# Entries shown
-----
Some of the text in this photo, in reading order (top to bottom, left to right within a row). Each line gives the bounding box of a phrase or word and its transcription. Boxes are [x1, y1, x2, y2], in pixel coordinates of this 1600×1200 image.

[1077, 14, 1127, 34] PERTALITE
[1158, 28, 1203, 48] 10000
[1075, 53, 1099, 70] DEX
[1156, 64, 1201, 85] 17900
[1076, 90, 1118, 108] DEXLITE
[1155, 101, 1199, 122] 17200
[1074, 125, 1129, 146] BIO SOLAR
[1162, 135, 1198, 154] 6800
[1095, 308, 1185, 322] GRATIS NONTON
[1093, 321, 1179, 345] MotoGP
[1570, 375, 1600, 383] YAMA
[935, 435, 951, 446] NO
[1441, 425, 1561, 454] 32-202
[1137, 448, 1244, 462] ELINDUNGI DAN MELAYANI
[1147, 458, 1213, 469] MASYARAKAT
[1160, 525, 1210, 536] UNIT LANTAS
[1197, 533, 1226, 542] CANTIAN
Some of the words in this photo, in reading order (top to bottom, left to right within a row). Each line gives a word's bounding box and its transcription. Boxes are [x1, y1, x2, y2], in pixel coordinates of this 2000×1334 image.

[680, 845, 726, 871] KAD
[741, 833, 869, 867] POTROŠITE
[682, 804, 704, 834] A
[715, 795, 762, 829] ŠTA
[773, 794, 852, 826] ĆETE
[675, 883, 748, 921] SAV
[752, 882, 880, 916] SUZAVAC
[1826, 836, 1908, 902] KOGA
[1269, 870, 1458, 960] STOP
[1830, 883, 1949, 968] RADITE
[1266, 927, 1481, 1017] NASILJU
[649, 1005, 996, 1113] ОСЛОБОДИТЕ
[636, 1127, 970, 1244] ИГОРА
-----
# Exercise description
Look for the line that contains "Some of the words" in the listing above. Set down that line and each line after it, ending with the last one.

# Expected answer
Some of the words in this photo, in reading order (top to bottom, left to right within a row). Each line gives a word's bounding box and its transcription. Boxes are [x1, y1, x2, y2], in pixel coordinates of this 2000×1334 image.

[680, 845, 726, 871] KAD
[741, 833, 869, 867] POTROŠITE
[682, 804, 704, 834] A
[715, 795, 762, 829] ŠTA
[773, 794, 852, 826] ĆETE
[675, 883, 748, 921] SAV
[752, 882, 880, 916] SUZAVAC
[1826, 836, 1908, 902] KOGA
[1269, 870, 1458, 960] STOP
[1830, 883, 1949, 968] RADITE
[1266, 927, 1481, 1017] NASILJU
[649, 1005, 996, 1113] ОСЛОБОДИТЕ
[636, 1127, 970, 1244] ИГОРА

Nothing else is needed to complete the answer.